No contexto dos 800 anos da aprovação da Regra Franciscana e do presépio de Greccio (1223-2023), reproduzimos a seguir a segunda das três meditações:
Padre Raniero Cantalamessa, OFMCap
II pregação de Advento
13 de dezembro de 2013
Humildade como verdade e como serviço em Francisco de Assis
1. Humildade objetiva e
humildade subjetiva
Francisco de Assis, como vimos
na última pregação, é a prova viva de que a reforma mais útil para a Igreja é
aquela pelo caminho da santidade, que consiste em um corajoso retorno ao
Evangelho e que deve começar a partir de nós mesmos.
Nesta segunda meditação
gostaria de aprofundar um aspecto do retorno ao Evangelho, uma virtude de
Francisco. De acordo com Dante Alighieri, toda a glória de Francisco depende do
“seu ter-se feito humilde” [1], ou seja, da sua humildade. Mas, em que
consistiu a proverbial humildade de São Francisco?
Em todas as línguas pelas
quais a Bíblia passou para chegar até nós, ou seja, em hebraico, grego, latim,
a palavra “humildade” tem dois significados básicos: um objetivo, que indica mesquinhez, pequenez ou
miséria de fato, e um subjetivo, que
indica o sentimento e o reconhecimento que se tem da própria pequenez. Este
último é o que entendemos por virtude da humildade.
Quando Maria diz no Magnificat:
“Olhou para a humildade (tapeinosis) da sua serva”, entende a humildade no
sentido objetivo, não subjetivo! Por isso muito apropriadamente em diferentes
idiomas, por exemplo, em alemão, a palavra é traduzida como “pequenez” (Niedrigkeit).
Como se pode imaginar, além do mais, que Maria exalte a sua humildade e atribua
a essa a escolha de Deus, sem, com isso mesmo, destruir a própria humildade? No
entanto, às vezes, se escreveu imprudentemente que em Maria não se reconhece
nenhuma outra virtude a não ser aquela da humildade, como se, de tal forma, se
fizesse uma grande honra, e não, pelo contrário, um grande erro, a tal virtude.

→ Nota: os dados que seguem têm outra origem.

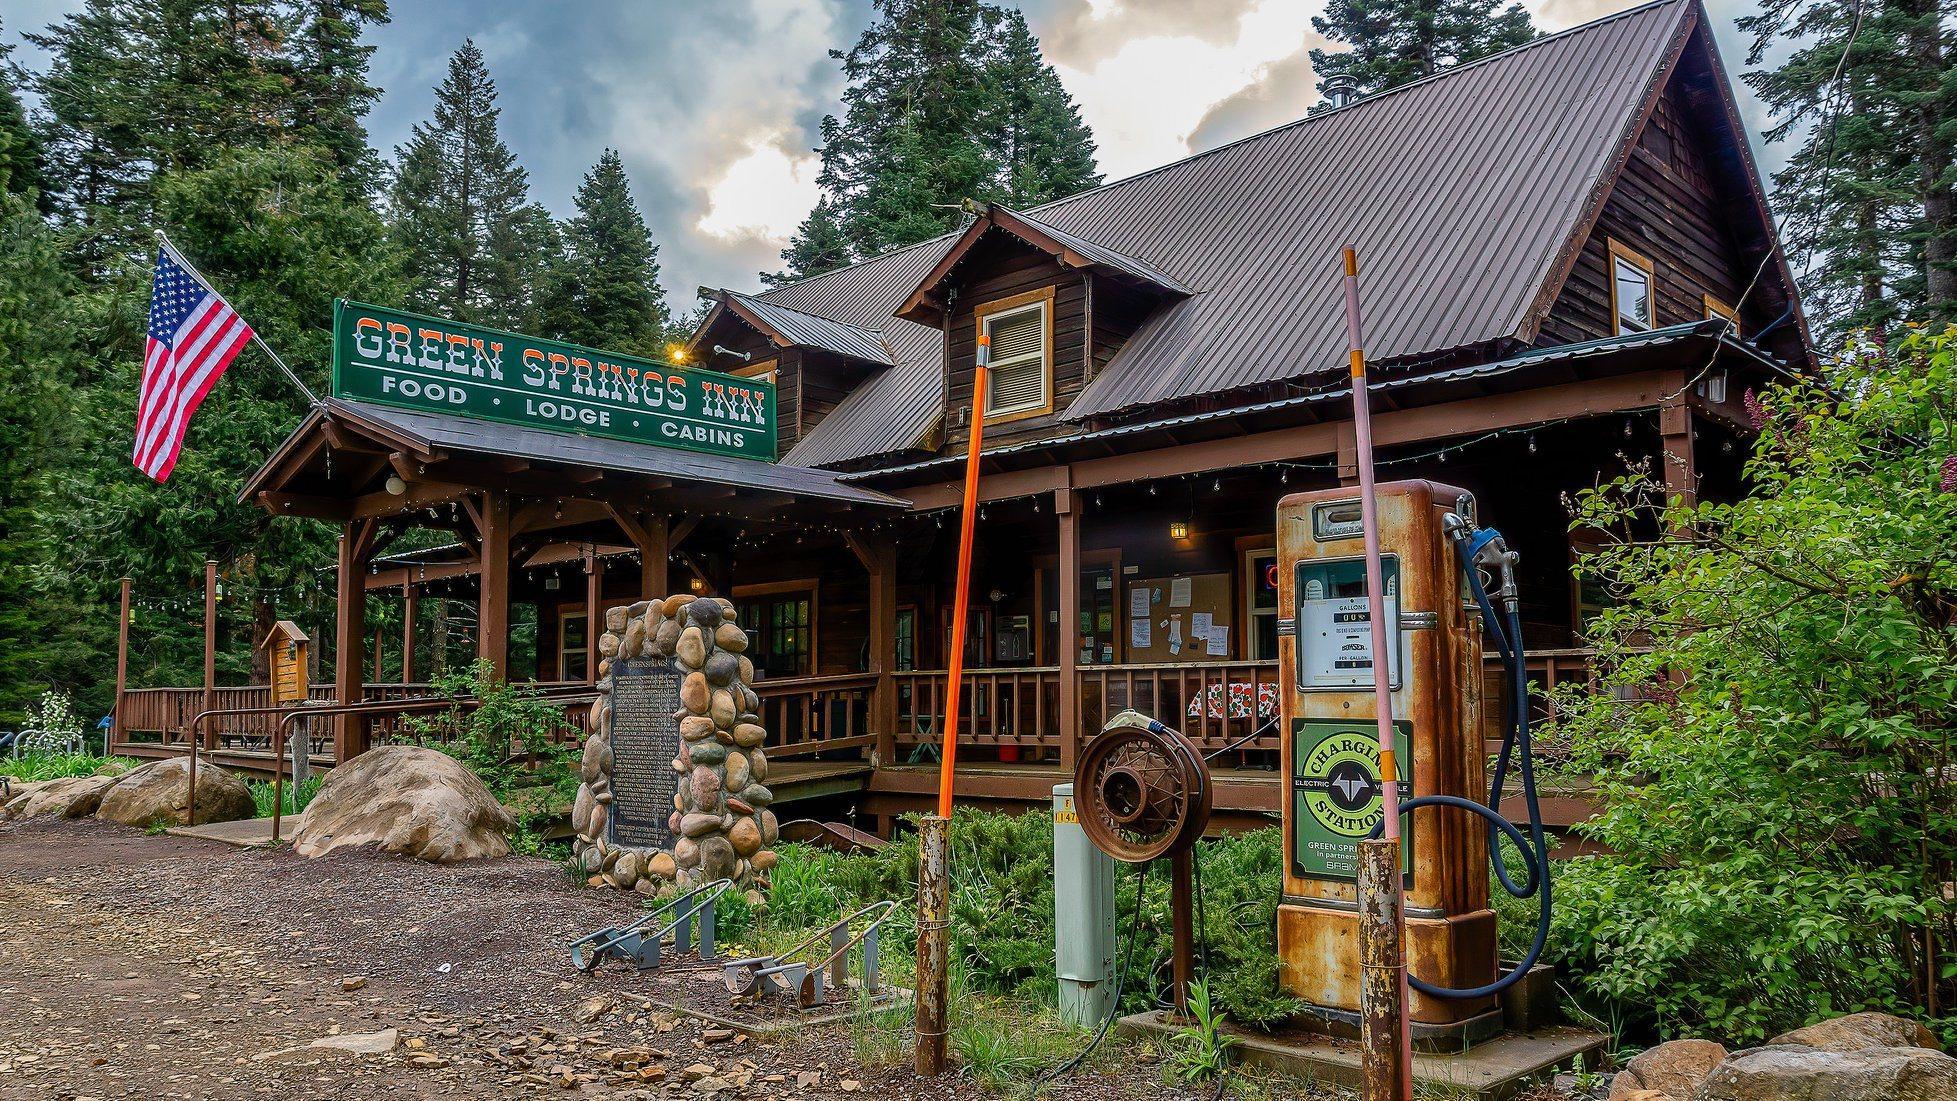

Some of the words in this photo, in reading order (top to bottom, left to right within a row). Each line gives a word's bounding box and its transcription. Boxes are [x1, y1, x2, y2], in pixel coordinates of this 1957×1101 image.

A virtude da humildade tem
um estatuto todo especial: a tem quem pensa que não a tem, não a tem quem pensa
tê-la. Só Jesus pode declarar-se “humilde de coração” e sê-lo realmente; esta,
veremos, é a característica única e irrepetível da humildade do homem-Deus.
Maria não tinha, portanto, a virtude da humildade? Claro que tinha e no
mais alto grau, mas só Deus sabia isso, ela não. Precisamente isto, com efeito,
constitui o mérito incomparável da verdadeira humildade: que o seu odor só é
percebido por Deus, não por quem o emana. São Bernardo escreve: “O verdadeiro
humilde quer ser considerado desprezível, não proclamado humilde” [2].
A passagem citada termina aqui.